*Work order*:
Your answer must be the listing repeated word for word, without its pictures.

──────

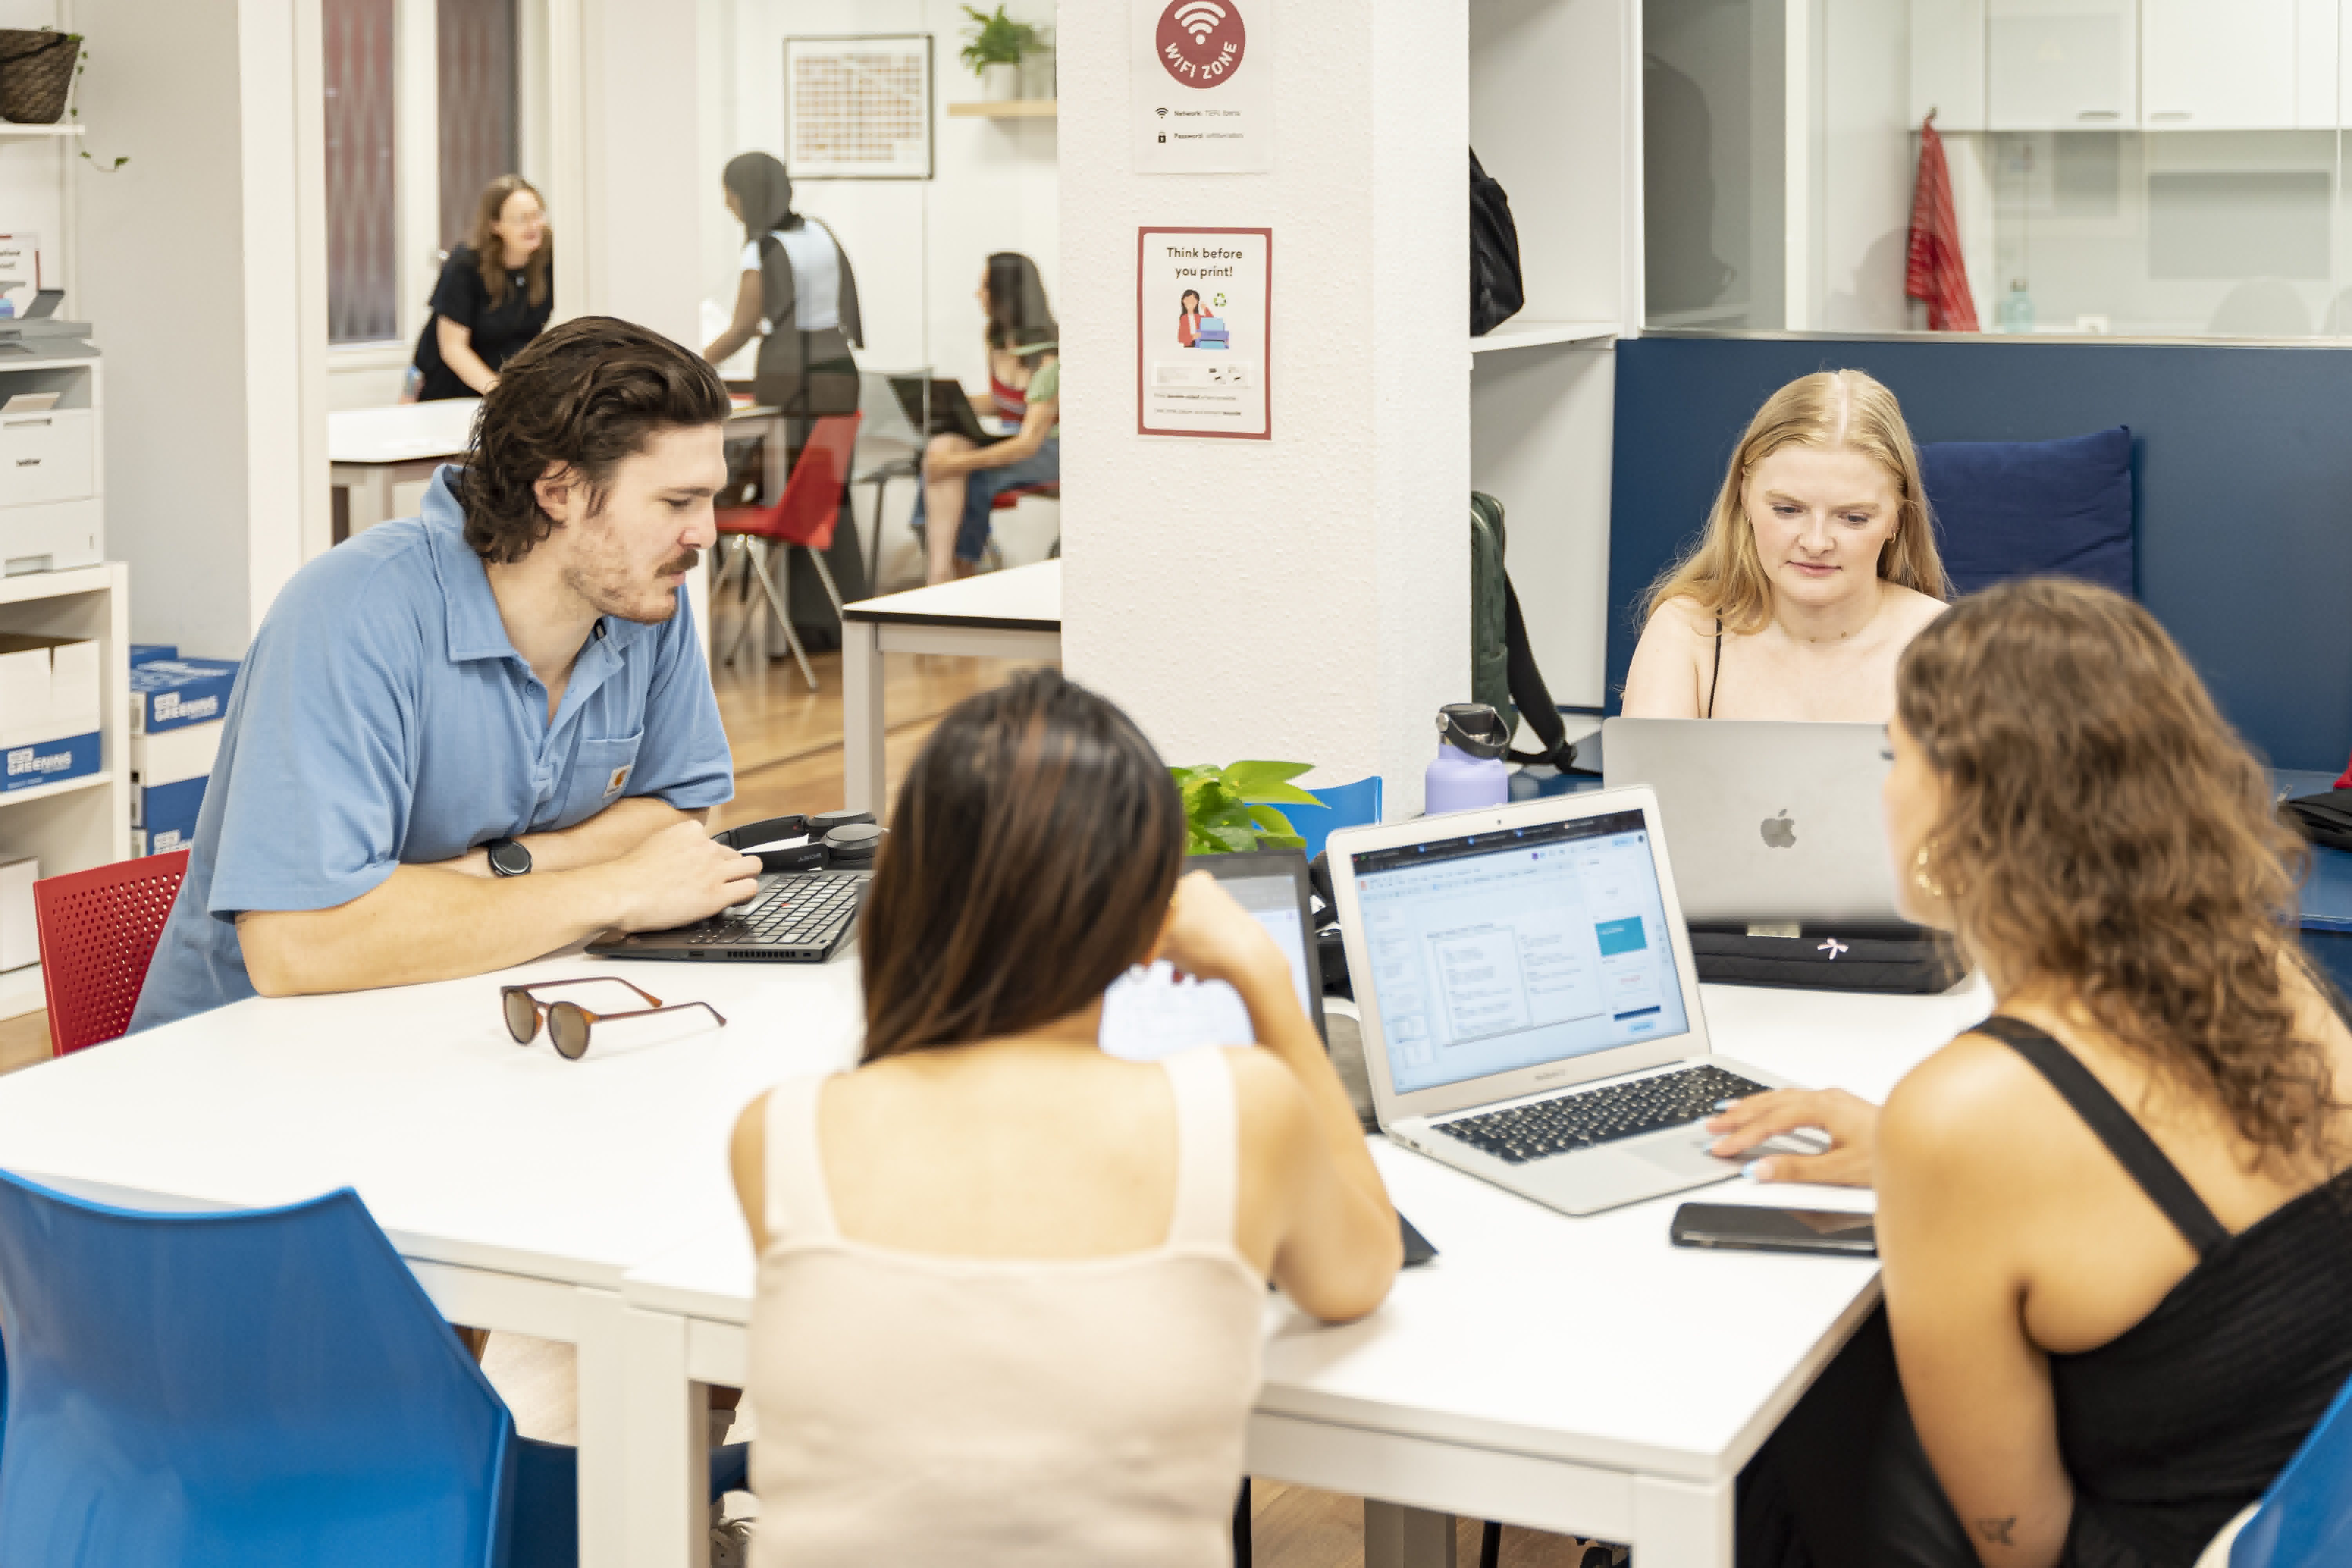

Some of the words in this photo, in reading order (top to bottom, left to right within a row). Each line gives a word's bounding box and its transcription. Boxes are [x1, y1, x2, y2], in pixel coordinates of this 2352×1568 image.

[1165, 42, 1196, 78] WIFI
[1201, 41, 1237, 79] ZONE
[1167, 247, 1198, 258] Think
[1203, 247, 1242, 259] before
[1176, 268, 1196, 279] you
[1200, 265, 1233, 279] print!

──────

*Solved exercise*:
Some of the words in this photo, in reading order (top to bottom, left to right within a row). Each line gives a word's bounding box and its transcription. Boxes are [x1, y1, x2, y2], in pixel coordinates of this 2352×1568 image.

[1165, 42, 1196, 78] WIFI
[1201, 41, 1237, 79] ZONE
[1167, 247, 1198, 258] Think
[1203, 247, 1242, 259] before
[1176, 268, 1196, 279] you
[1200, 265, 1233, 279] print!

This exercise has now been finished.